## WHAT THIS TASK INVOLVES
Exact copies are required of the lines from the line containing "Some of the words" through the final line of the listing, both included, and of no other lines.

------------

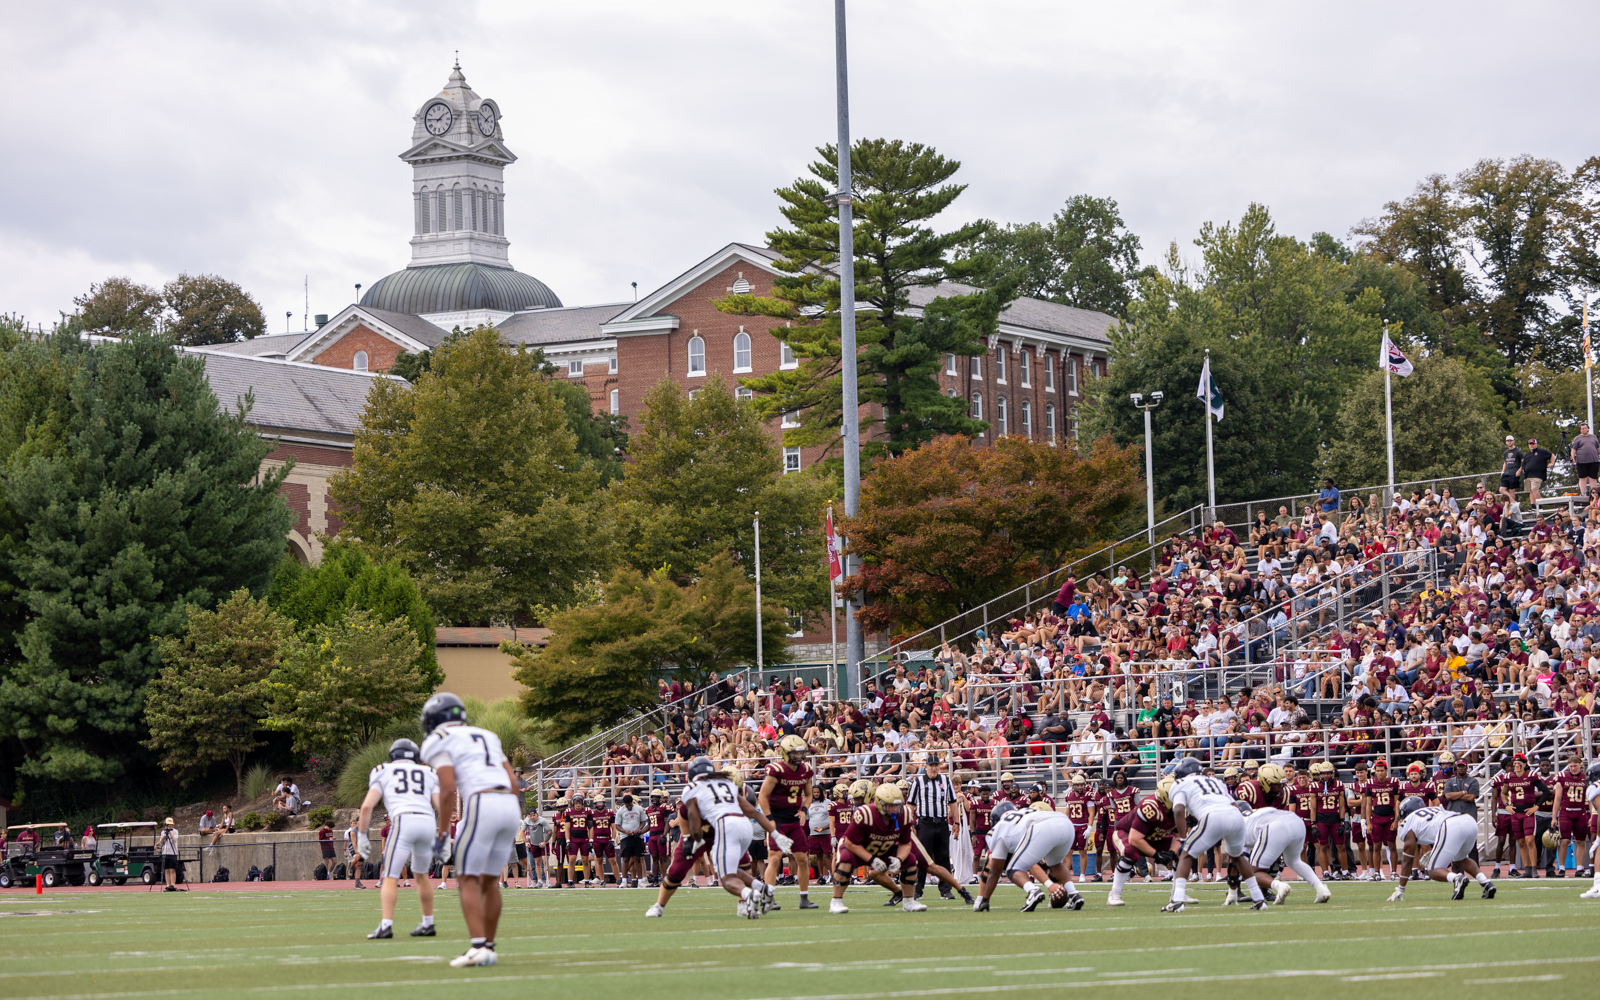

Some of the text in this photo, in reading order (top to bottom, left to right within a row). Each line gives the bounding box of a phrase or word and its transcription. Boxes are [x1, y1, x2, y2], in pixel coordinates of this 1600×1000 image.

[470, 733, 496, 767] 7
[392, 768, 425, 795] 39
[706, 781, 735, 805] 13
[787, 785, 800, 804] 3
[1515, 787, 1525, 800] 2
[1566, 786, 1584, 803] 40
[1069, 804, 1083, 818] 33
[1115, 798, 1131, 813] 59
[1142, 804, 1156, 820] 68
[572, 817, 586, 828] 36
[865, 840, 895, 857] 69
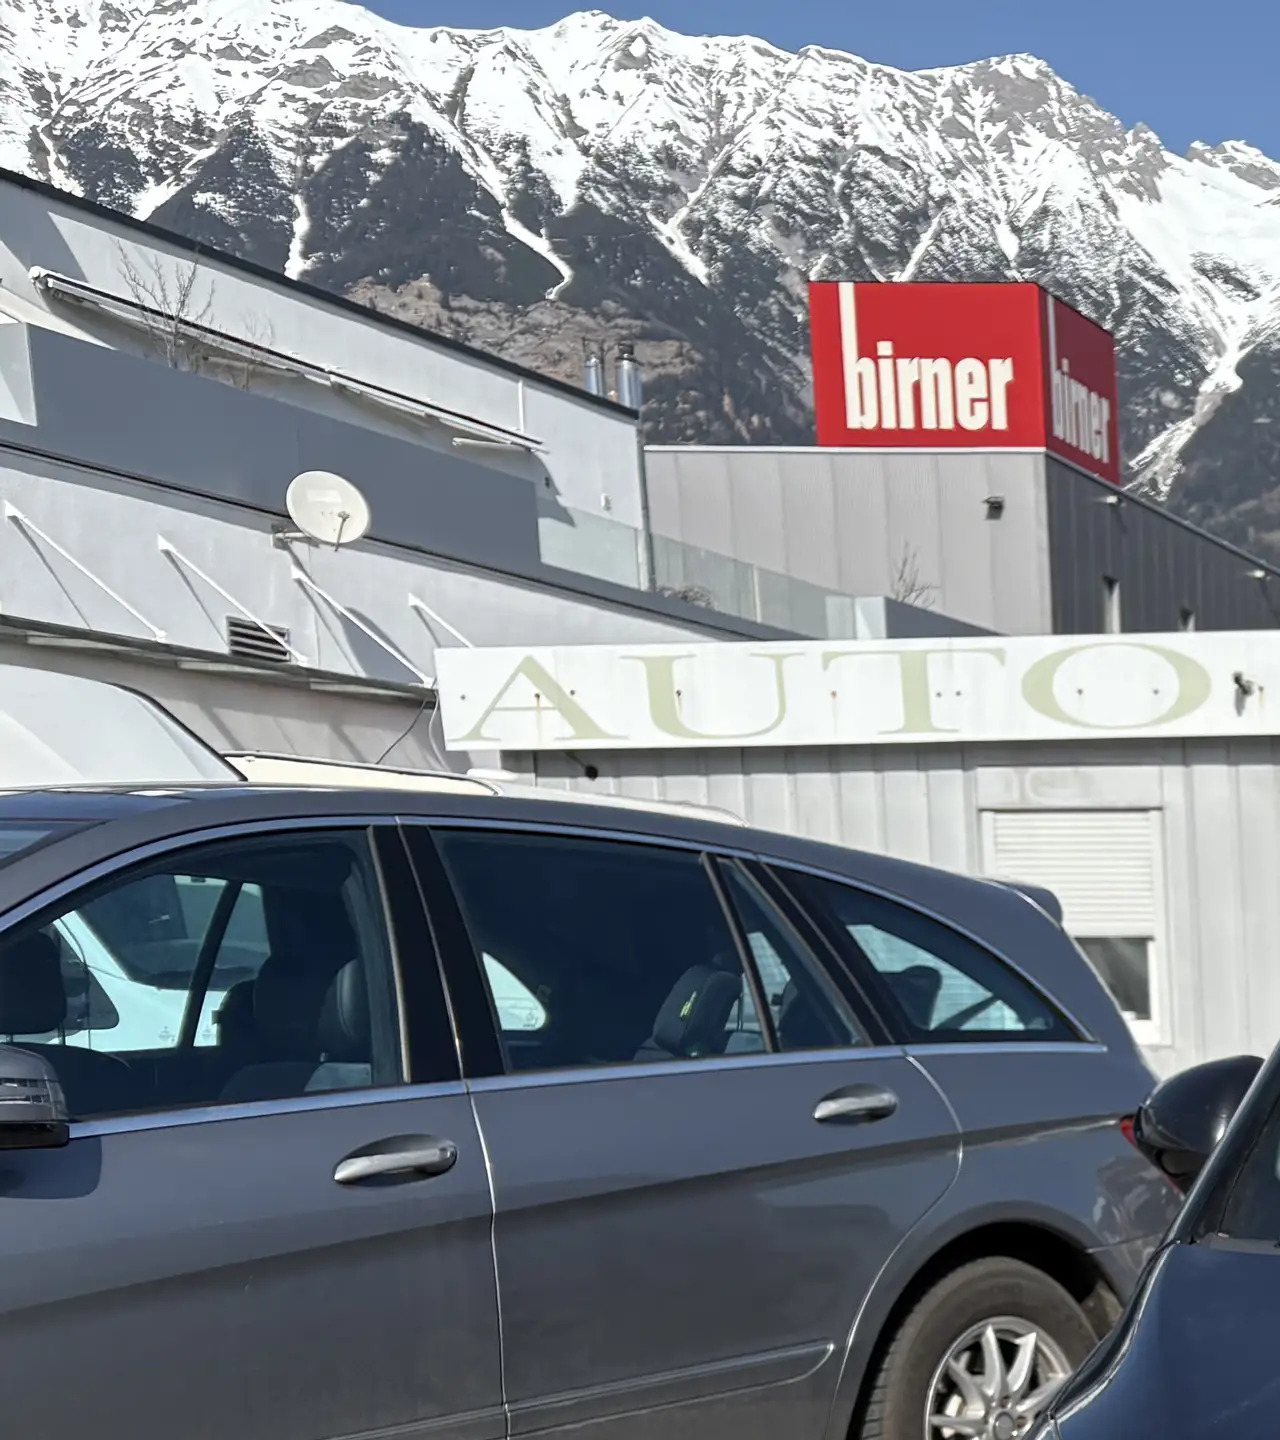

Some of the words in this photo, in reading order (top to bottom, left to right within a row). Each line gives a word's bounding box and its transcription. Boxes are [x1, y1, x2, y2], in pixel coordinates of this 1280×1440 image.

[838, 282, 1014, 431] birner
[1047, 294, 1111, 463] birner
[447, 642, 1213, 742] AUTO

------------

## RESULT OF THE EXERCISE
Some of the words in this photo, in reading order (top to bottom, left to right within a row). Each line gives a word's bounding box and its transcription. Boxes are [x1, y1, x2, y2], in pixel coordinates of this 1280×1440 image.

[838, 282, 1014, 431] birner
[1047, 294, 1111, 463] birner
[447, 642, 1213, 742] AUTO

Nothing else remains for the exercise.